A sixth-grade student in Colorado is suspended from school for four days for handling his Airsoft gun during a Zoom school session earlier this week, his parents told Nexstar sister station KDVR.


In a previous one, the teacher saw the guns stored properly in the room on a rack and called in officials. This time, the kid grabbed his Airsoft and started messing with it to give his hands something to do.

But they didn't just suspend him. They sent an actual police officer to his house to do a welfare check ... because the kid has an Airsoft.


Maddox, a student at Bell Middle School in Golden, Colorado, said he was attending online class and finished a quiz early, so he pulled up other things on his computer screen and mindlessly grabbed the Airsoft pistol in his room. His actions were caught on a recording, but a teacher didn’t notice it until hours later when she was reviewing the recorded session, according to Justin Blow, Maddox’s father.
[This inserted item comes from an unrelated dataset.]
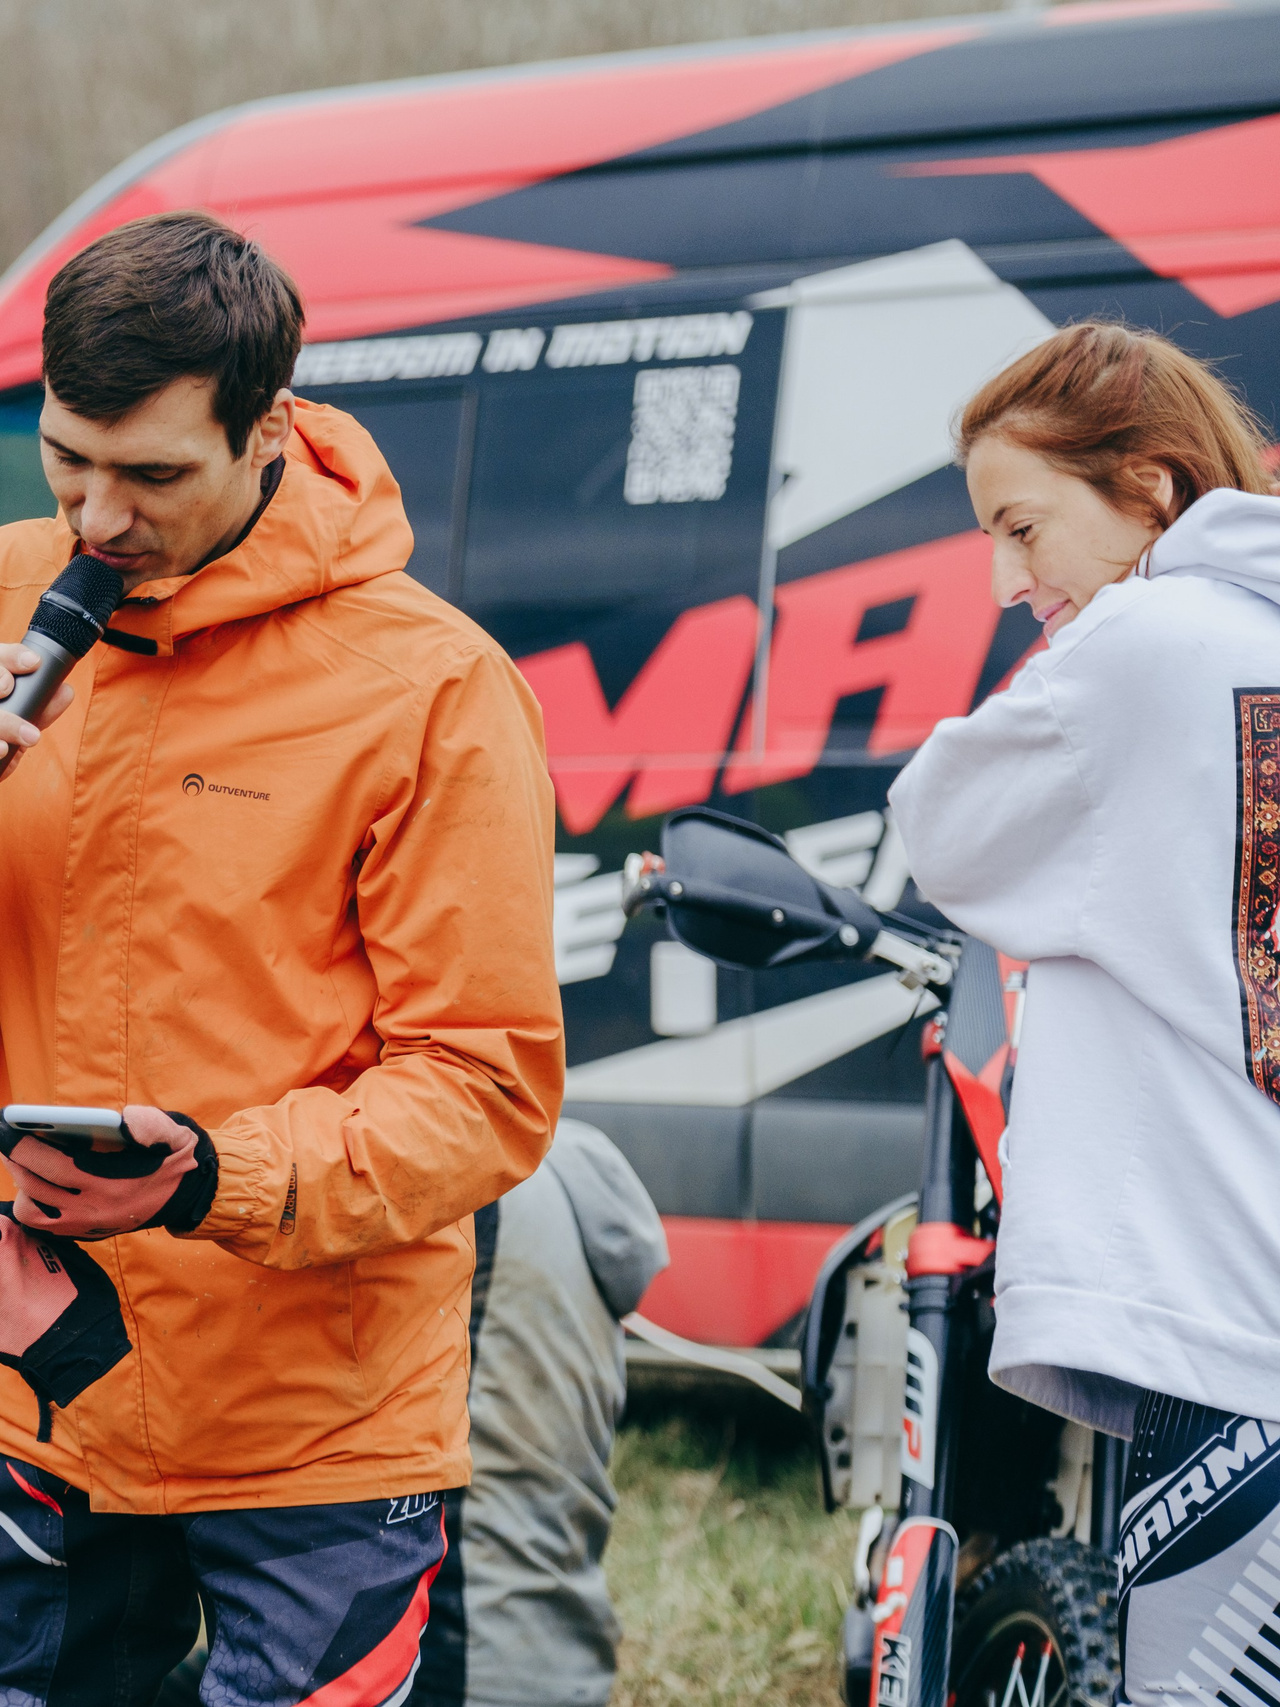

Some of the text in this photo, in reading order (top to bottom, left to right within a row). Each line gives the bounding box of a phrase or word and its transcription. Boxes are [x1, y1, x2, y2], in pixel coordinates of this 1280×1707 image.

Not only did he not have it during a full class session, but it was after a quiz when there was dead time in the class. And, it took the teacher hours to notice. She was reviewing class footage when she saw it. Turns out the kid thought he had his camera off at the time because there was no real reason to have it on and he was doing other things with his dead time.


A spokesperson for Jeffco Public Schools, Cameron Bell confirmed the incident and said, “The student has been disciplined according to our district code of conduct. We do not speak about specific student discipline issues due to confidentiality. Anything else is a law enforcement issue.”

The district’s policy related to “grounds for suspension/expulsion” states schools shall consider the age of the student, their disciplinary history, whether another student’s safety was threatened and whether lesser interventions would properly address the violation when considering discipline.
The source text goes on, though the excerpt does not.